Exercise |
Skip the images. Copy the records exactly as written.

Phrase grounding data
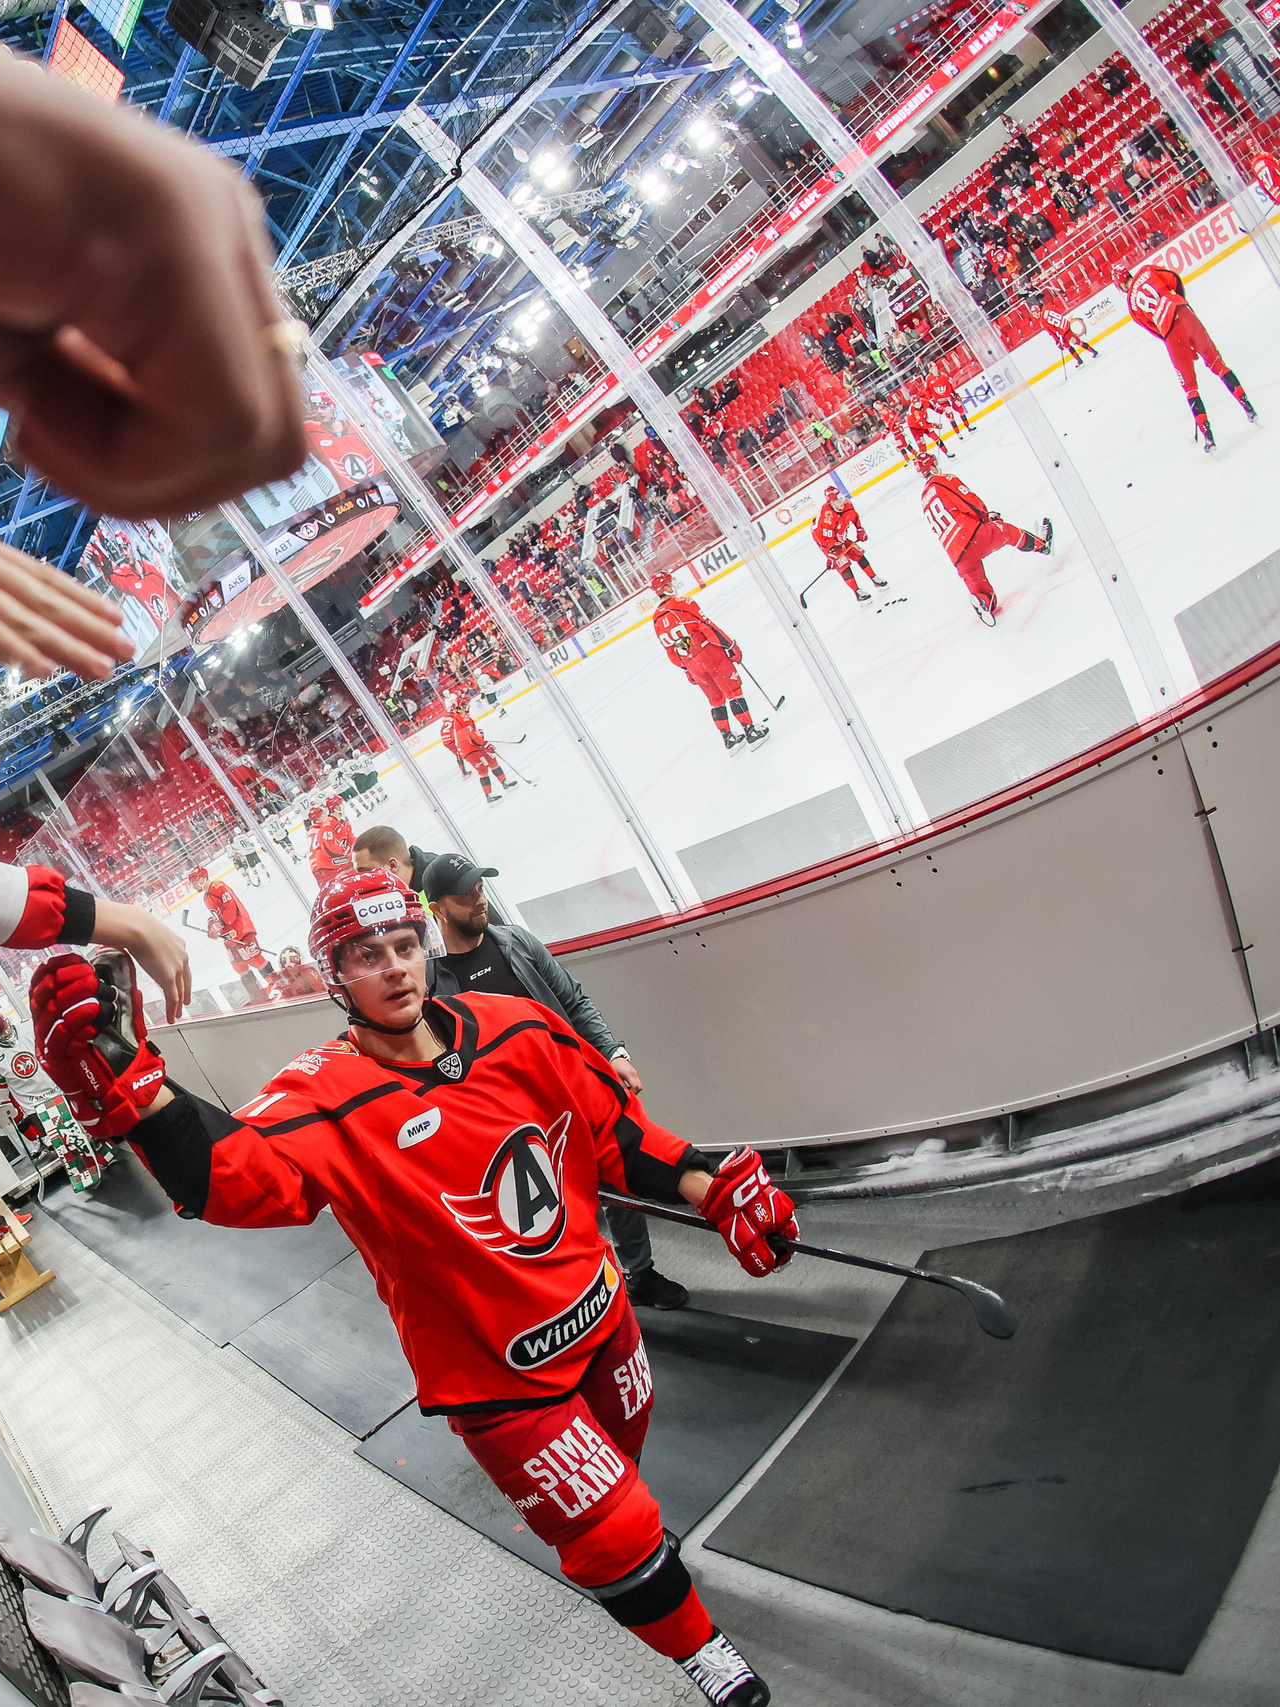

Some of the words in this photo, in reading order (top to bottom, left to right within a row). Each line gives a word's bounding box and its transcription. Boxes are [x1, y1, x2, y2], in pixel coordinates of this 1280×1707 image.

[959, 365, 1016, 414] Haier
[274, 539, 293, 557] АВТ
[228, 574, 246, 592] АКБ
[358, 899, 404, 919] согаз
[469, 966, 492, 981] CCM
[80, 1059, 100, 1091] TACKS
[132, 1069, 164, 1091] CCM
[406, 1120, 432, 1138] МИР
[750, 1252, 767, 1271] CCM
[523, 1284, 607, 1359] Winline
[621, 1369, 653, 1421] LAN
[523, 1415, 603, 1492] SIMA
[547, 1443, 626, 1519] LAND
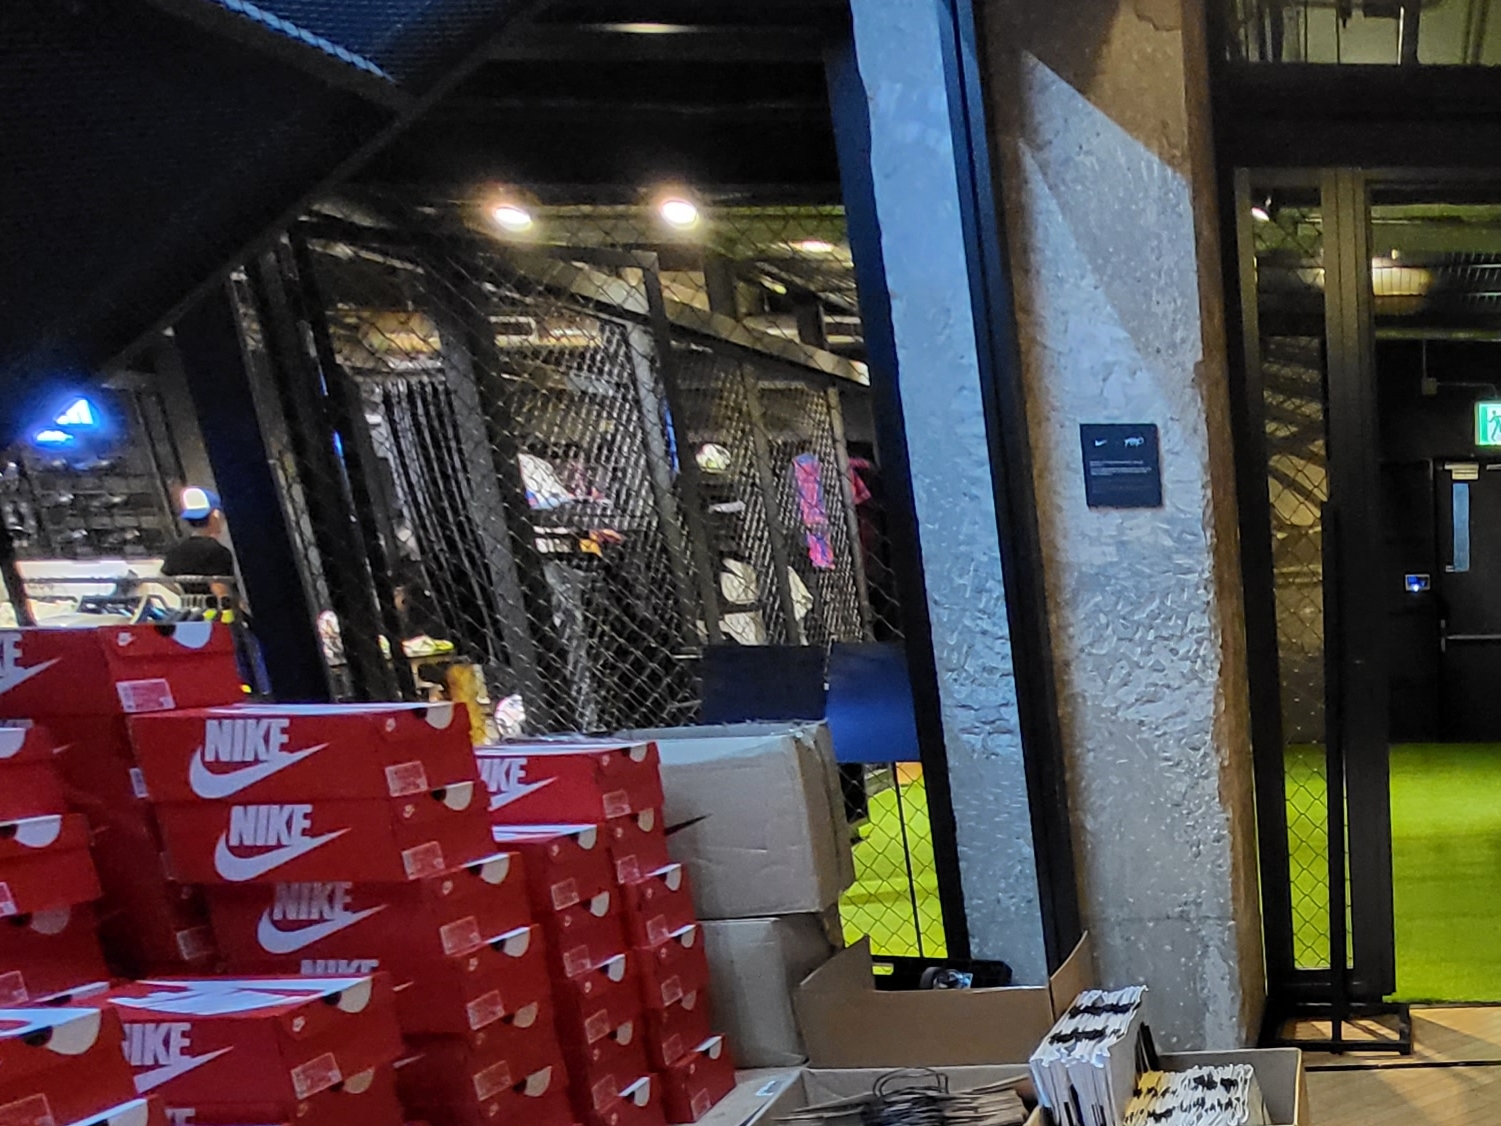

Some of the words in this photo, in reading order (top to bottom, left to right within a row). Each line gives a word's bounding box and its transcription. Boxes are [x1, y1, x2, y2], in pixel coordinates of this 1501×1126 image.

[204, 718, 290, 763] NIKE
[228, 804, 313, 847] NIKE
[272, 881, 353, 921] NIKE

Exercise solution |
Some of the words in this photo, in reading order (top to bottom, left to right within a row). Each line gives a word's bounding box and its transcription. Boxes are [x1, y1, x2, y2], in pixel coordinates of this 1280×1707 image.

[959, 365, 1016, 414] Haier
[274, 539, 293, 557] АВТ
[228, 574, 246, 592] АКБ
[358, 899, 404, 919] согаз
[469, 966, 492, 981] CCM
[80, 1059, 100, 1091] TACKS
[132, 1069, 164, 1091] CCM
[406, 1120, 432, 1138] МИР
[750, 1252, 767, 1271] CCM
[523, 1284, 607, 1359] Winline
[621, 1369, 653, 1421] LAN
[523, 1415, 603, 1492] SIMA
[547, 1443, 626, 1519] LAND

Some of the words in this photo, in reading order (top to bottom, left to right within a row). Each line gives a word's bounding box and its transcription. Boxes are [x1, y1, x2, y2], in pixel coordinates of this 1501×1126 image.

[204, 718, 290, 763] NIKE
[228, 804, 313, 847] NIKE
[272, 881, 353, 921] NIKE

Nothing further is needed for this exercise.